Do que a gente não entende, a arte dá conta

Em 09 de outubro de 2018 por Carolina Nogueira

Do que é feita a política nesse país? Que forças são essas que movem as pessoas para cá ou para lá? E que pessoas são essas? Nessas eleições, os analistas têm reduzido quase tudo a grupos de whatsapp, fake news e doutrinação evangélica. Isso explicaria aquilo. Quem sou eu pra discordar dos cientistas políticos, não é mesmo? Só temo que, nesse bolo, a gente esteja desumanizando o outro. Desumanizando a gente e o outro, como se todos nós pudéssemos nos reduzir a alguém que reproduz cegamente memes e certezas.

“Camocim”, que está em cartaz no Cine Brasília só e apenas na próxima quarta-feira, em duas sessões, vai no caminho oposto.

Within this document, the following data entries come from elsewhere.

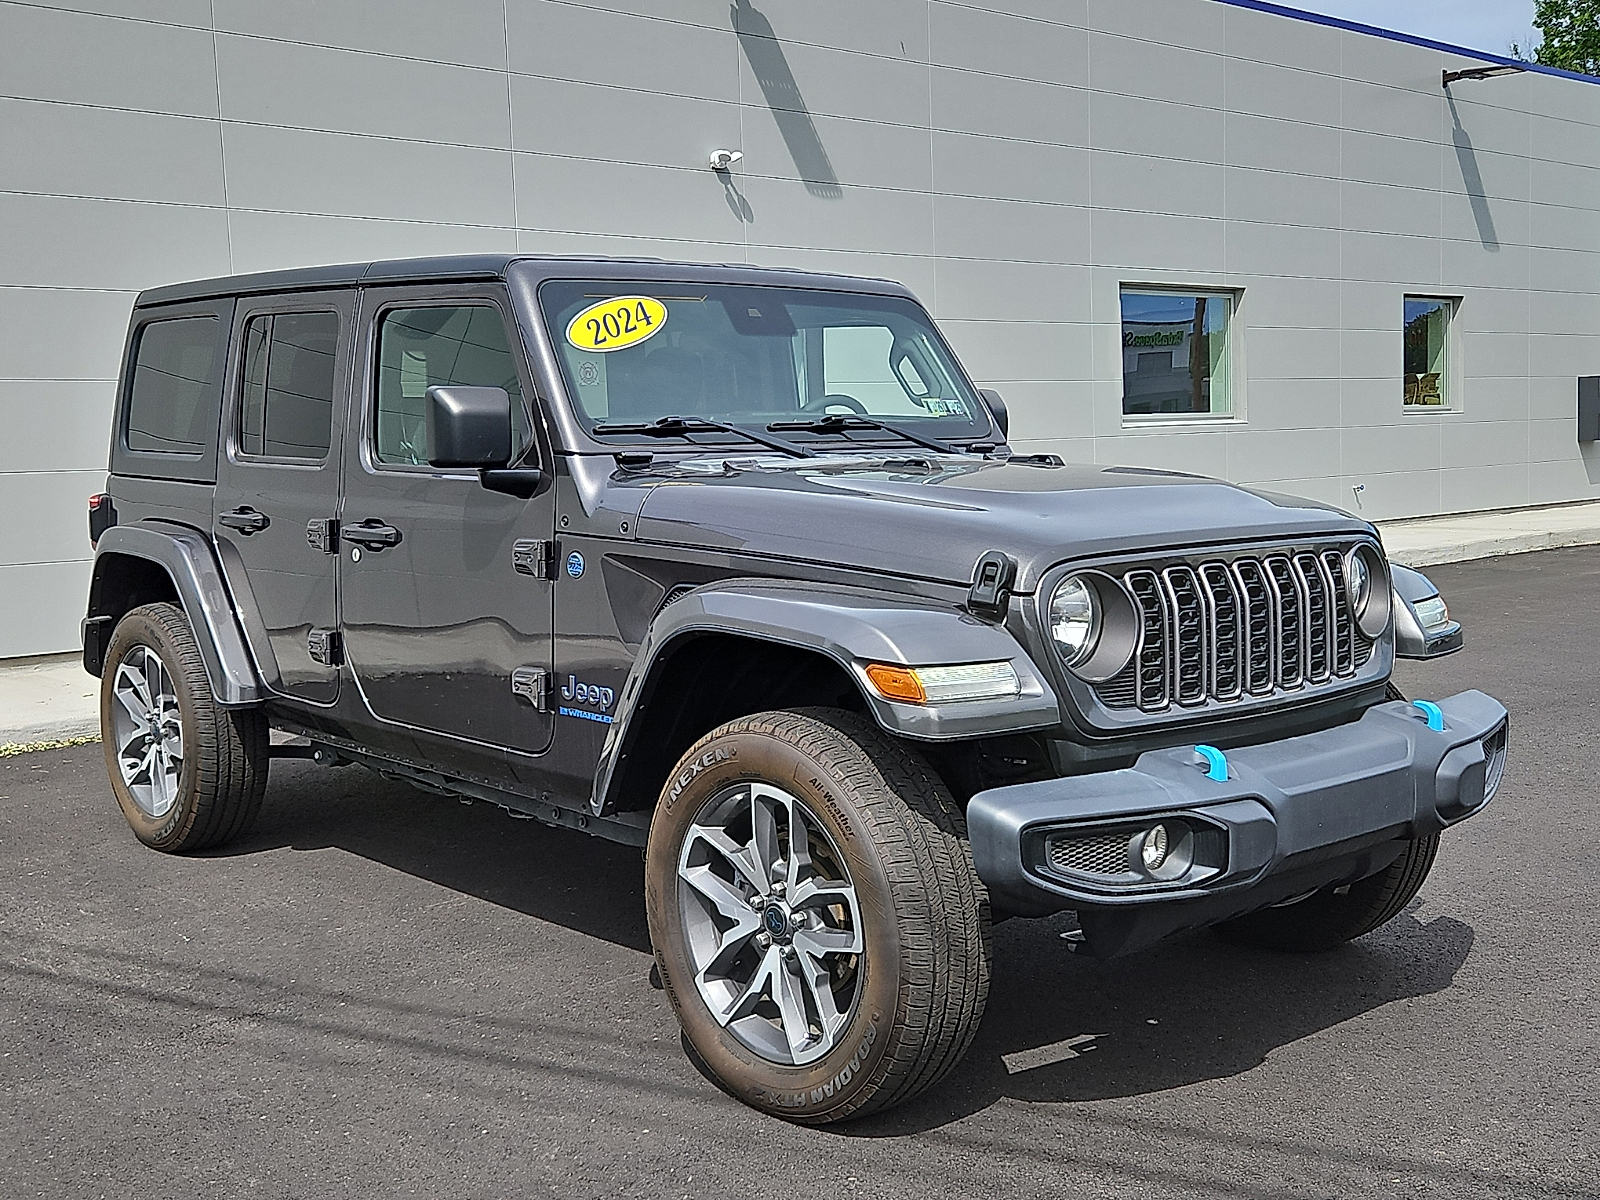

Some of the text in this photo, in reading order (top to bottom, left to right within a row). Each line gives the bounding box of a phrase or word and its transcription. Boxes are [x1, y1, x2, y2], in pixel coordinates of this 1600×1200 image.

[587, 301, 653, 345] 2024
[561, 674, 613, 712] Jeep
[669, 746, 730, 802] NEXEN
[808, 777, 856, 838] All-Weather
[810, 1019, 877, 1104] ROADIAN

Limpa a política de nomes de partidos e até de perfis de candidatos – e olha pra pessoa. A pessoa ser político. Seus sonhos, medos, ideais, seu trabalho, sua luta, sua dimensão de que cada formiguinha muda o mundo. Que muda o mundo a partir de Camocim de São Félix, no brejo pernambucano, cidade de 18 mil habitantes a 123 quilômetros de Recife.

A atriz principal desse milagre da humanização do eleitor militante é Mayara Gomes. A personagem principal do filme é uma militante de 23 anos, lésbica, filha adorada de sua mãe guerreira evangélica. Desde a primeira vez em que vi o trailer deste filme, me apaixonei por Mayara. Pela vida, pela força, pela verdade dessa garota. No pouco mais de uma hora que dura o filme, ela me manteve hipnotizada. O documentário dá conta de retratar, linda, poética, despretensiosamente, os sonhos quase heroicos que podem mover uma jovem que sabe o que é política mais que muito deputado. O filme dá conta também das outras contradições que fazem parte desse pacote.

A campanha eleitoral que a gente vê na tela do filme é uma mistura de disputa de caprichoso e garantido, briga de torcida organizada, carnaval, esquenta em porta de show, apresentação de maracatu de baque virado, populismo correndo solto, culto religioso, baile funk, show da Pablo Vittar e bázinho. As duas coligações de Camocim que se organizam em torno de duas cores, vermelho e azul, não assumem o nome de nenhum partido – e parecem totalmente coadjuvantes de uma histeria popular que quase acidentalmente acontece junto com as eleições.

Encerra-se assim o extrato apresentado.